To reduce false detections on the holes at the lower part of the container, we engineered Prompt 6 as a combination of three AFKs: “extreme”, “top”, and “corner”. It is similar to Prompt 5, except it has an additional AFK “top”. This helped to remove one of the ground detections on Container 1 and ground hole on Container 3, as shown in Figure 12. For Container 2, there was an accurate detection for corner casting 2A (yellow, 28%). The level of confidence was 13% higher than Prompt 5. As for the shipping container, it was detected with a 69% confidence level for Container 1, 74% for Container 2, and 68% for Container 3. All the detections are indicated with a purple box. Only Container 3 had a slight drop of 1% compared to Prompt 5.

2.3.7. Prompt 7: “Corner Hole on Roof of Shipping Container Only”

Prompt 7 introduced the AFK “roof” to improve corner hole detection accuracy, successfully identifying corner castings across all containers. As shown in Figure 13, there were detections for Container 1’s corner casting 1A (18%) and Container 2’s corner castings 2A (18%) and 2B (16%)—the first detection of 2B. There were also identifications of Container 3’s corner castings 3A (17%) and 3B (20%). The prompt also enabled roof detection with confidence levels of 52% (Container 1), 53% (Container 2), and 54% (Container 3), marked by red boxes. Shipping container detection remained high at 63% (Container 1), 73% (Container 2), and 68% (Container 3), with only a slight 3% confidence drop for Container 1 compared to Prompt 6.

2.3.8. Prompt 8: “Corner Hole Located on Roof of Shipping Container Only”

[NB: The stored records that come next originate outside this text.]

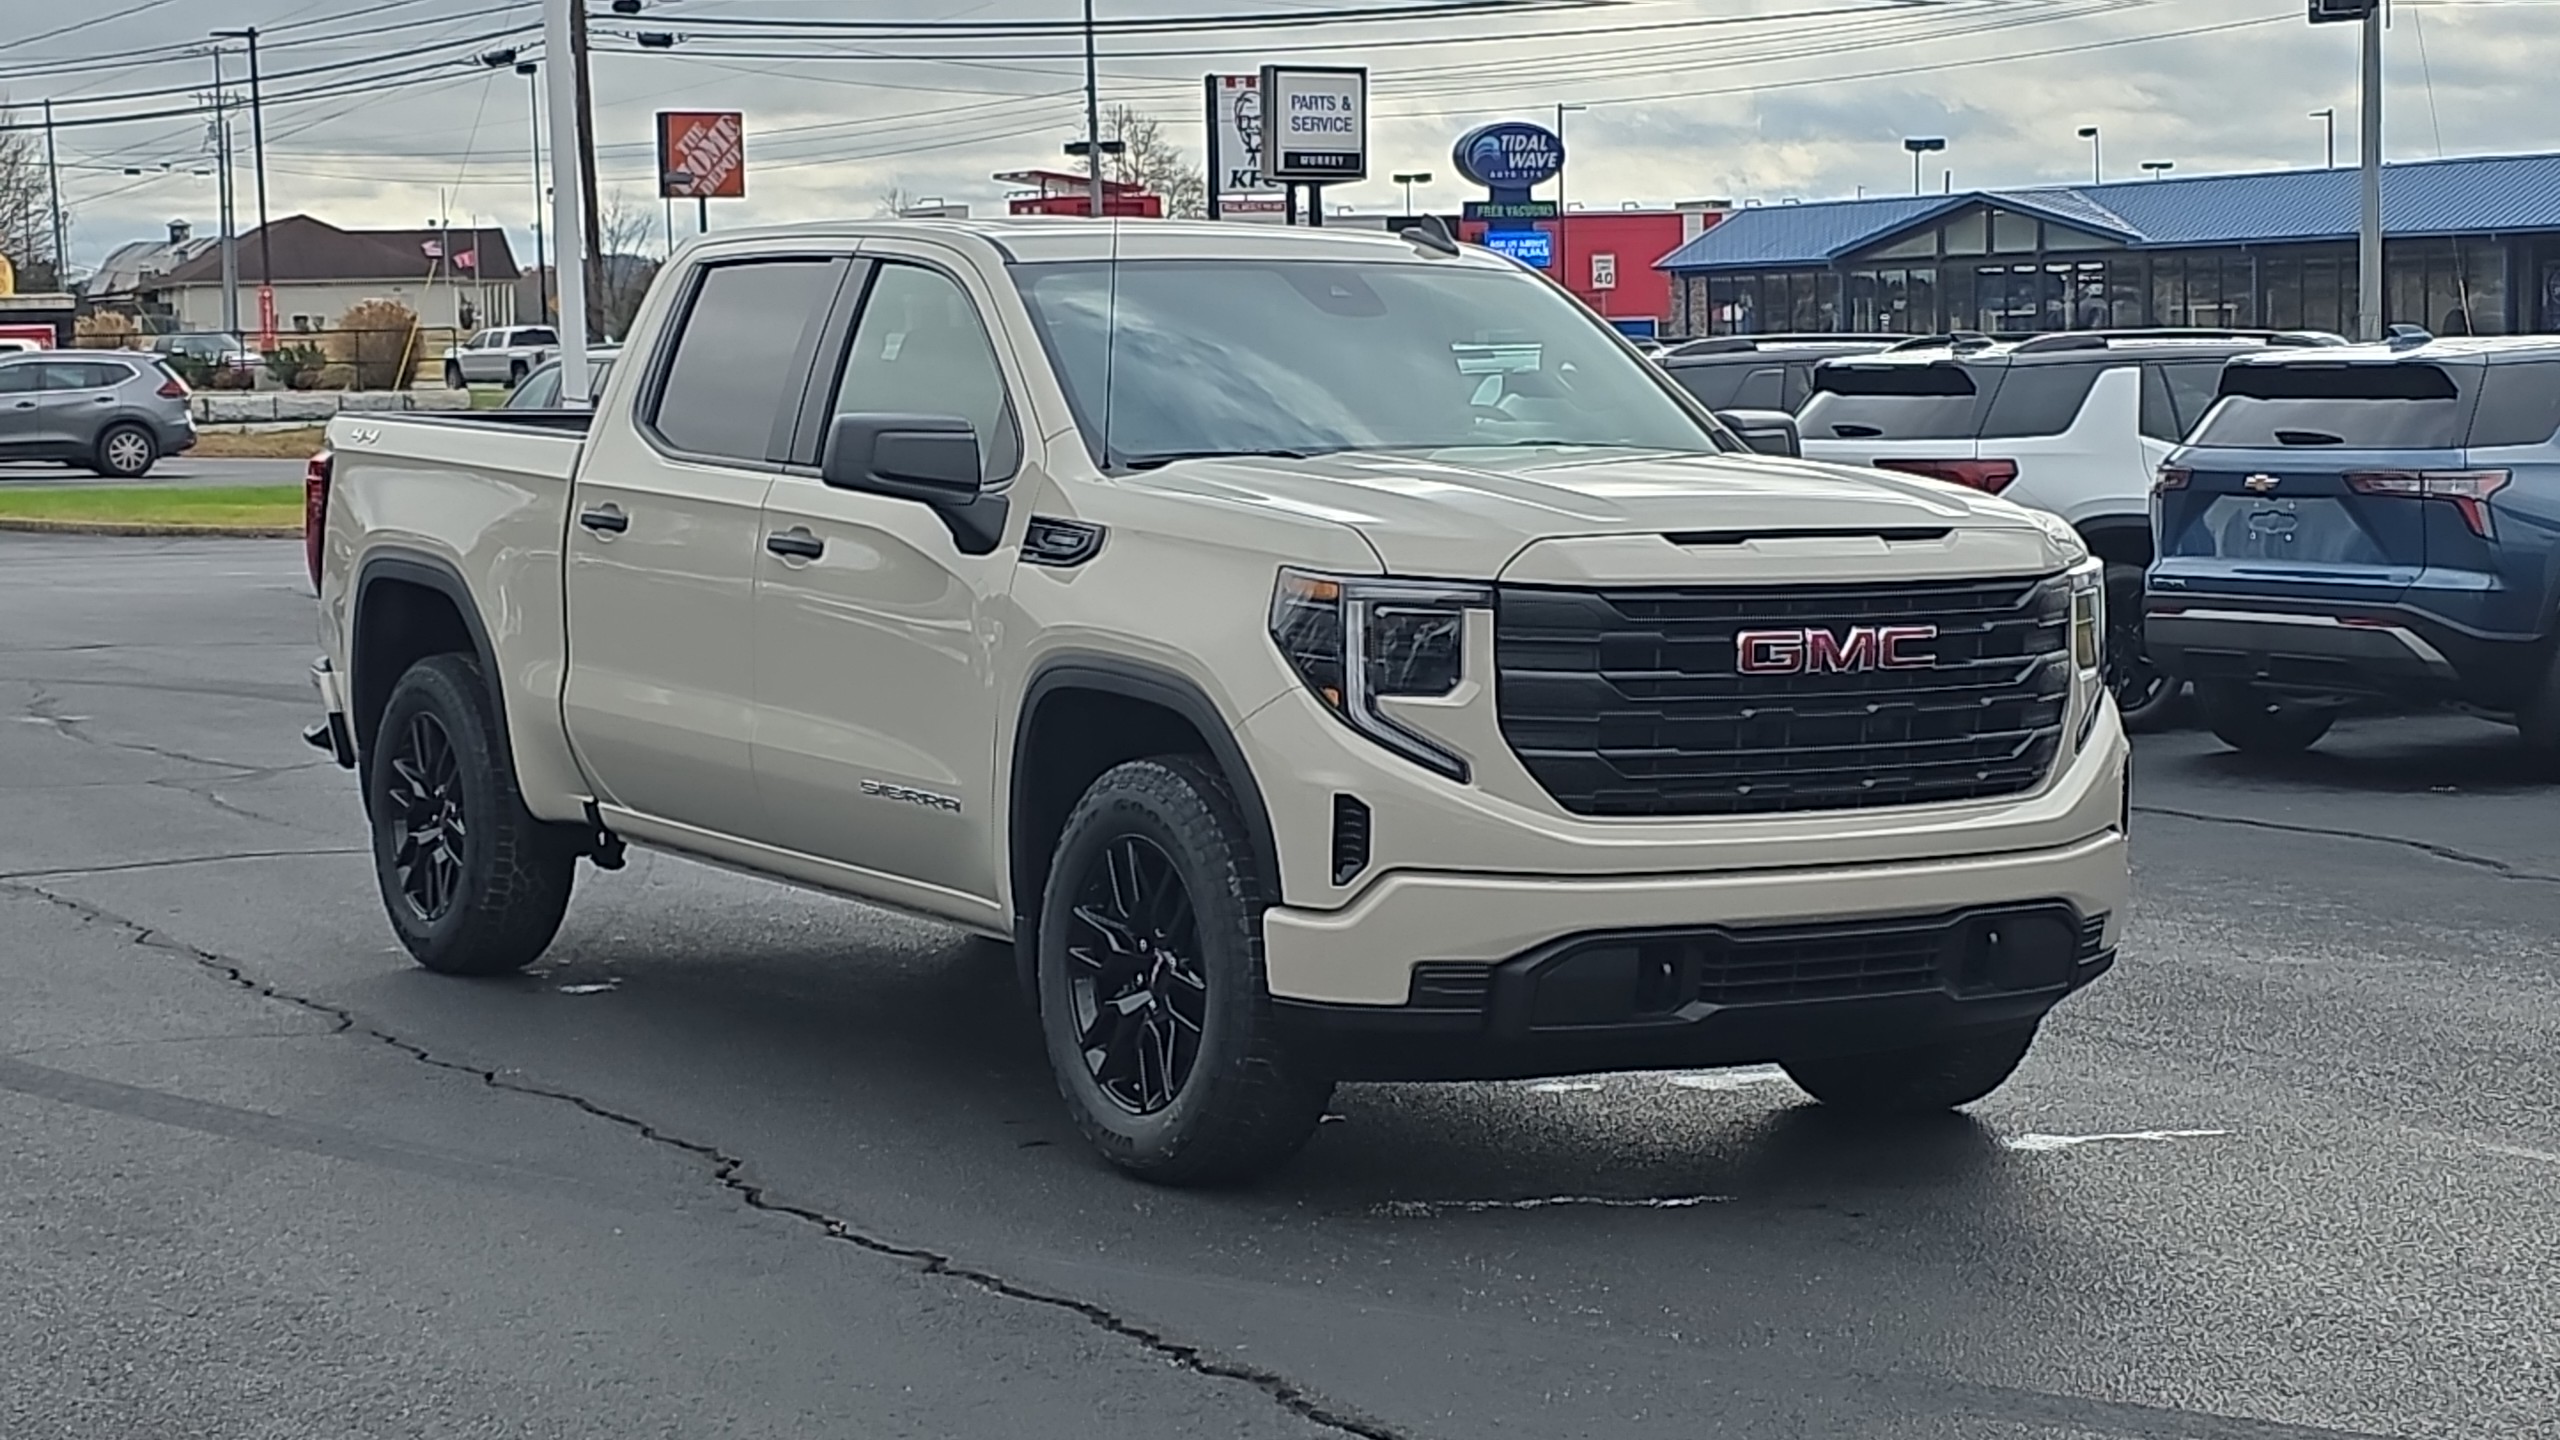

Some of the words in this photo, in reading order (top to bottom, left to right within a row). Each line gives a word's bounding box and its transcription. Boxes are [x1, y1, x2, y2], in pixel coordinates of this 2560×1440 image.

[1291, 95, 1336, 111] PARTS
[1341, 95, 1352, 111] &
[1291, 116, 1352, 132] SERVICE
[675, 121, 707, 155] THE
[1500, 134, 1548, 152] TIDAL
[669, 115, 740, 195] HOME
[1300, 155, 1343, 166] MURRAY
[1508, 152, 1558, 168] WAVE
[698, 144, 741, 195] DEPOT
[1594, 272, 1613, 285] 40
[1737, 625, 1938, 674] GMC
[859, 779, 961, 813] SIERRA

Adding the keywords “located” and “only” to REC6 aimed to improve detection but led to the loss of corner casting 1A for Container 1, as shown in Figure 14. Detection was maintained for Container 2’s corner casting 2A at 18% confidence and Container 3’s corner hole 3A (16%) and corner casting 3B (16%), though both saw slight confidence drops of 1% and 4%, respectively, compared to Prompt 7. Shipping container detection also declined, with confidence levels of 57% (Container 1), 64% (Container 2), and 59% (Container 3), reflecting drops of 8%, 13%, and 12%. This suggests that the verbosity of REC6 may have negatively impacted accuracy, highlighting the need for simpler terms.

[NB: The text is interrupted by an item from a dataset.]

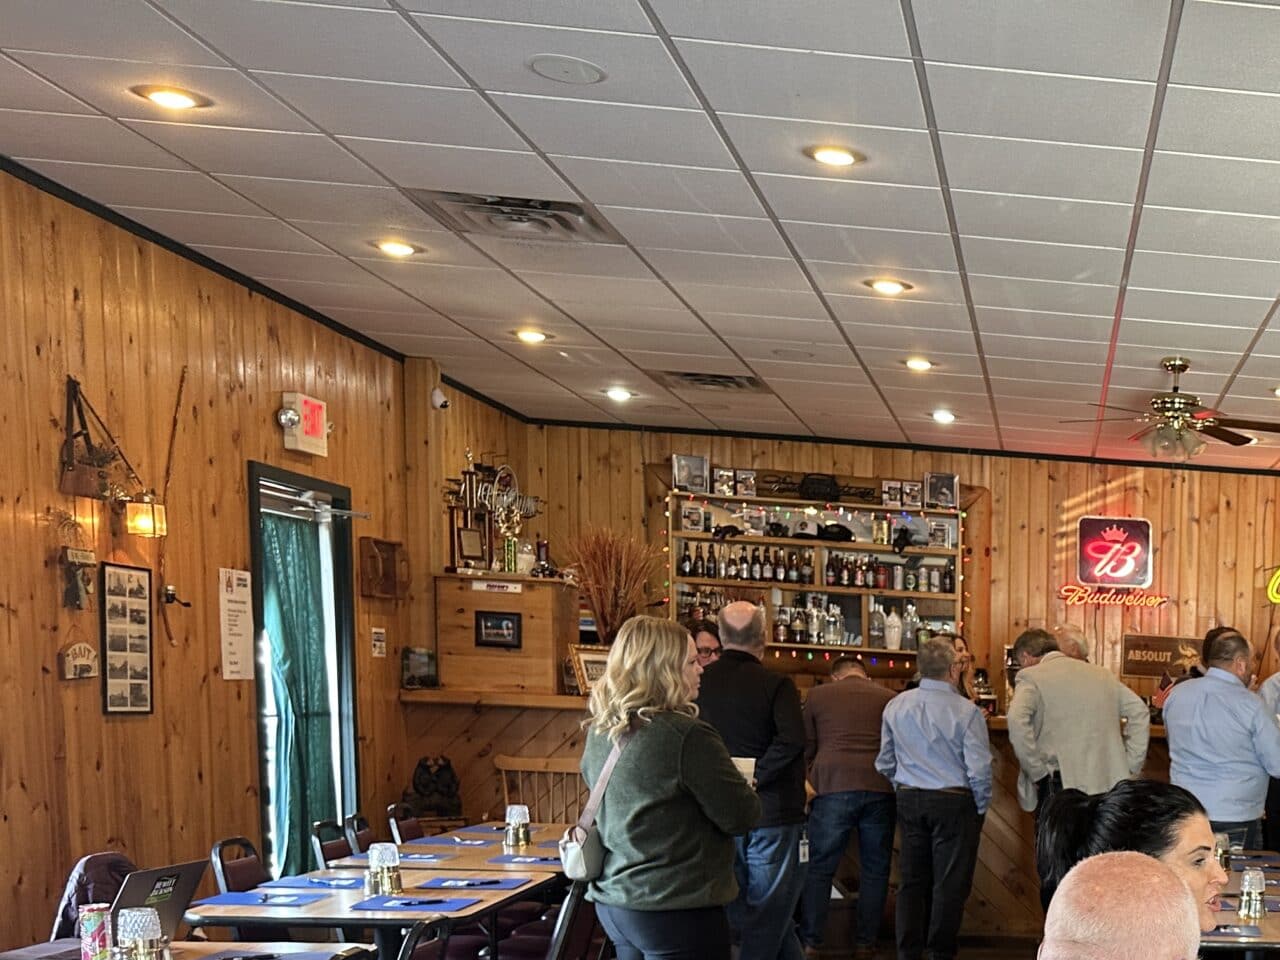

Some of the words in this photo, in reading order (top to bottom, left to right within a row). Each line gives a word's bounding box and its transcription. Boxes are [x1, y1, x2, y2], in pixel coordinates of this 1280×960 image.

[1060, 585, 1168, 609] Budweiser
[71, 646, 92, 661] BAIT
[1127, 649, 1172, 662] ABSOLUT

2.4. Detection Score of Corner Castings

Table 2 presents a summary of detections for corner castings, detailing the number of corner castings detected and highlighting the highest detection score among the identified corner castings. Clearly, the text prompt “corner hole on roof of shipping container” yielded the most favorable results. Our analysis suggests that Grounding DINO exhibits enhanced detection capabilities when the AFK “roof” is employed. As Test Case 7 exhibited the highest detection rate (5 out of 6) and the highest average detection confidence, it served as the basis for calculating the sustainability score of ZSD. The use of AFKs such as ‘extreme’ and ‘only’ improved detection accuracy. ‘Only’ restricted the focus to targeted areas and ‘extreme’ guided the model towards boundary features, resulting in more precise corner casting localization.

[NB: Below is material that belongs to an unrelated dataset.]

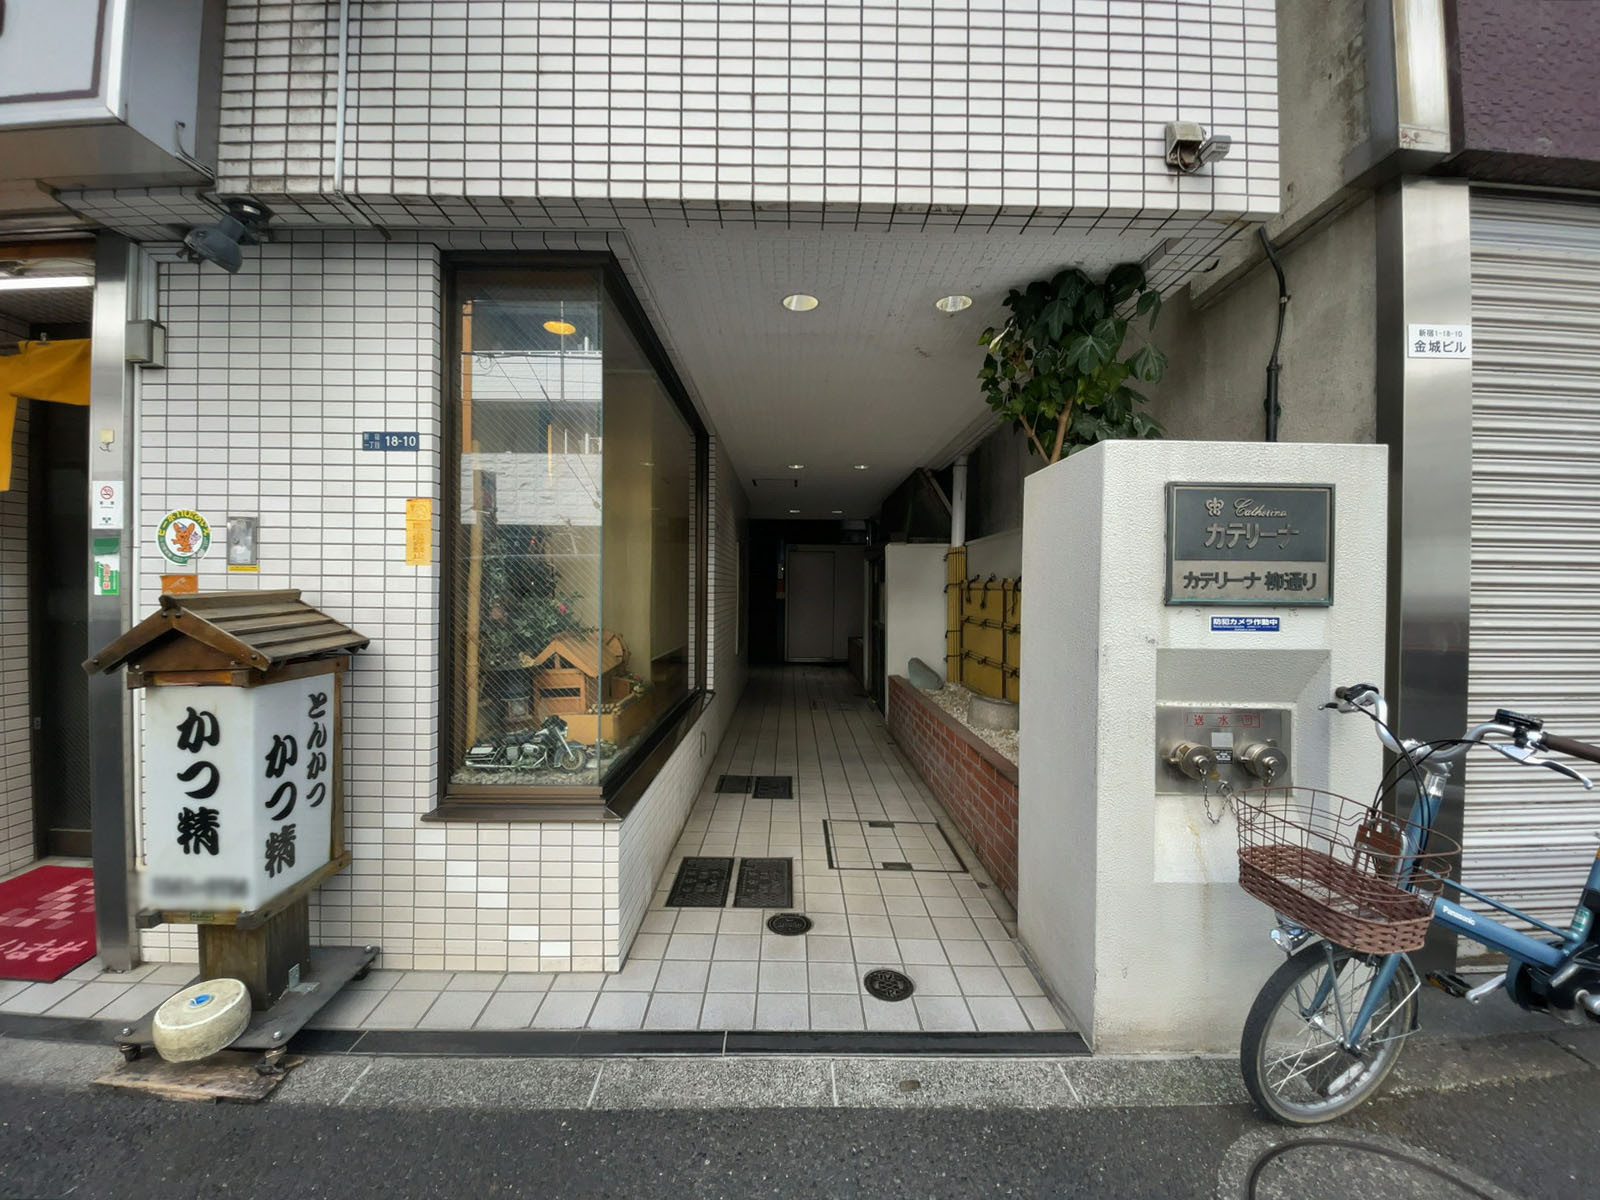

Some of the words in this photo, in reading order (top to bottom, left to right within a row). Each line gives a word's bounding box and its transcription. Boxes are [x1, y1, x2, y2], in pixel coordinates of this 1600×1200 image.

2.5. Detection Scores of Shipping Containers

Table 3 shows that explicitly mentioning “shipping container” significantly improved detection confidence, with scores exceeding 71% when it was labeled as a separate prompt. Test Case 6 achieved the highest average detection score at 70.67%. The model’s ability to exclude detections when the prompt is unrelated (as seen in Test Cases 1 and 2) demonstrates strong language understanding.

2.6. Average Precision of Corner Casting

The Average Precision (AP) metric evaluates the model’s performance in corner casting detection by measuring precision and recall. Using a 0.15 box threshold and 0.15 text threshold yielded the highest number of positive detections. Prompt 7 was selected to generate detection scores for the three images, with a focus on corner castings rather than shipping containers due to their smaller size and detection difficulty. The mean Average Precision (mAP) serves as a benchmark to compare zero-shot detection (ZSD) and supervised object detection (SSD). The ground truth annotations, illustrated in Figure 15, serve as a benchmark for evaluating detection performance. Precision and recall are computed manually from the sorted textual output scores, leveraging true positives (TPs) and false positives (FPs) to quantify detection accuracy for both corner castings and shipping containers.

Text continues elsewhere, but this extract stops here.